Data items
--------------------

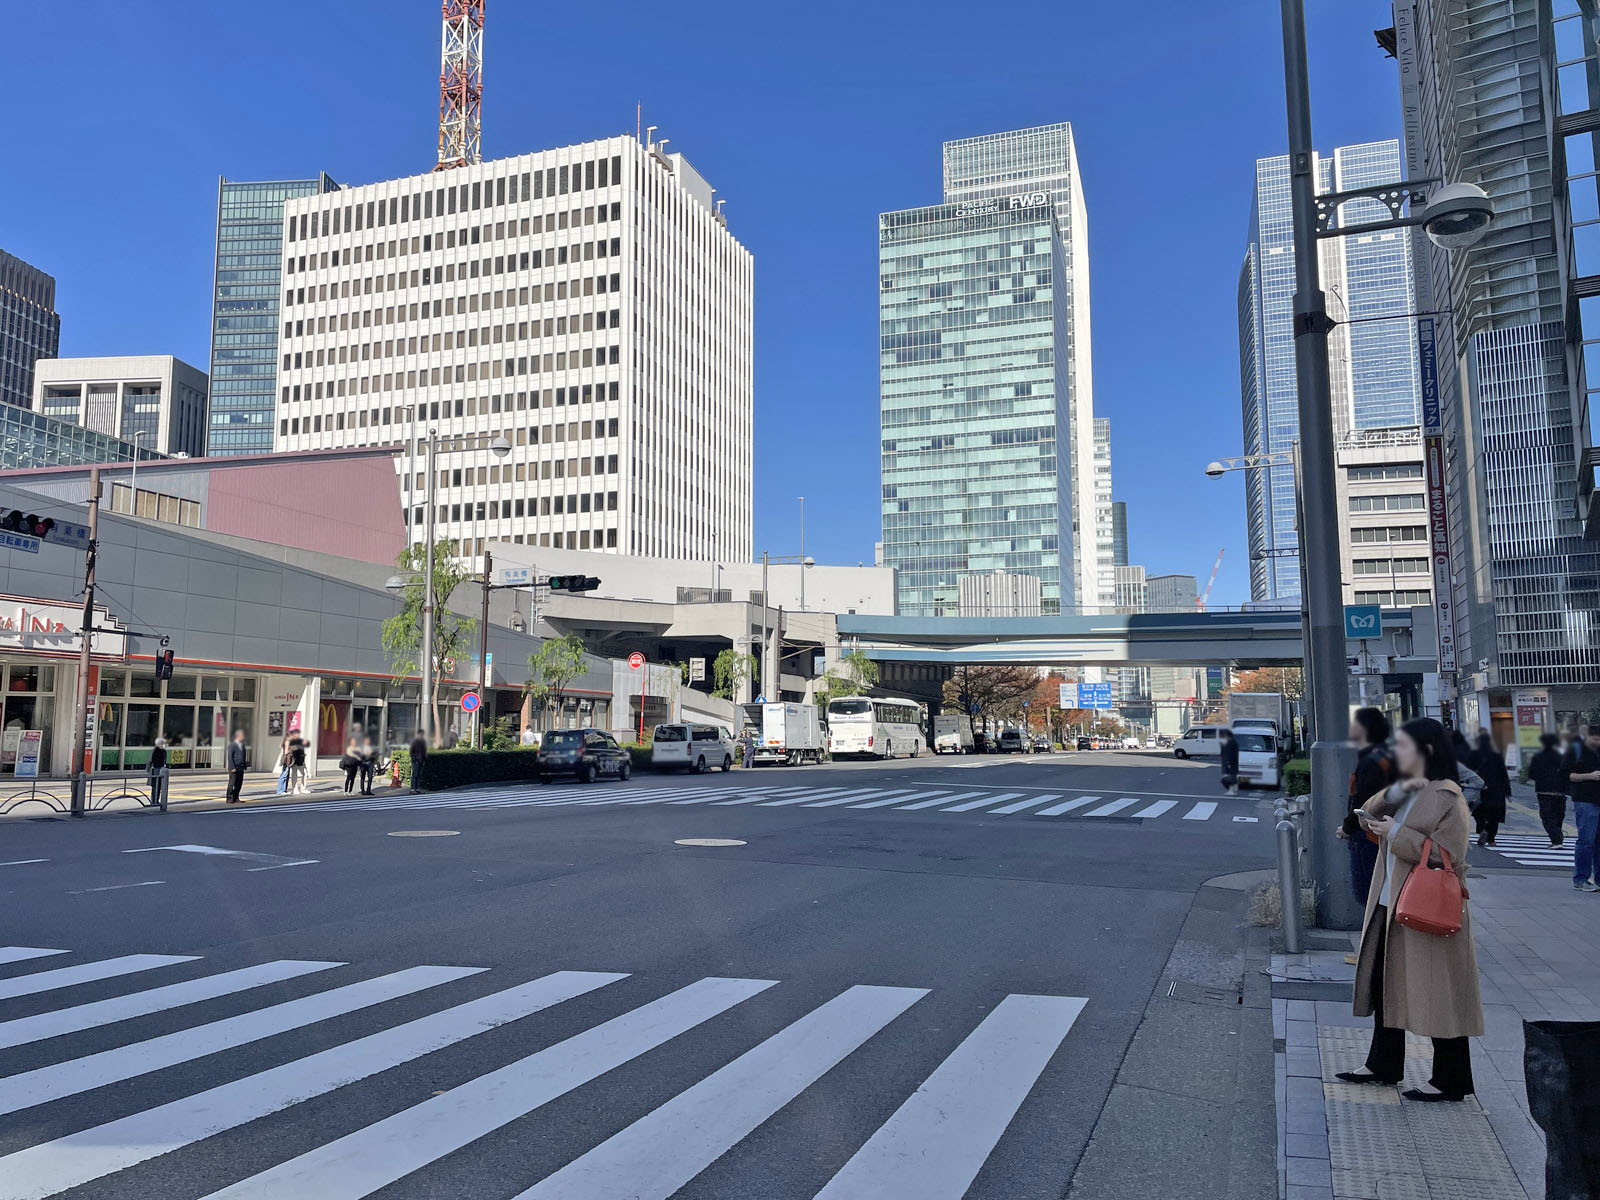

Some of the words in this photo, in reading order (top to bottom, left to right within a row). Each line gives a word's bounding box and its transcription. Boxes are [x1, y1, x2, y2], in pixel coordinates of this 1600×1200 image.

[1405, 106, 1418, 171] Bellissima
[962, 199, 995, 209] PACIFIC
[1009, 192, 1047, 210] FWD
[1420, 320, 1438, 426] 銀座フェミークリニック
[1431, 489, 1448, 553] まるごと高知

--------------------

## Problem statement
The entries above need to be repeated word for word, minus their pictures.

## Response area
Some of the words in this photo, in reading order (top to bottom, left to right within a row). Each line gives a word's bounding box and its transcription. Boxes are [x1, y1, x2, y2], in pixel coordinates of this 1600×1200 image.

[1405, 106, 1418, 171] Bellissima
[962, 199, 995, 209] PACIFIC
[1009, 192, 1047, 210] FWD
[1420, 320, 1438, 426] 銀座フェミークリニック
[1431, 489, 1448, 553] まるごと高知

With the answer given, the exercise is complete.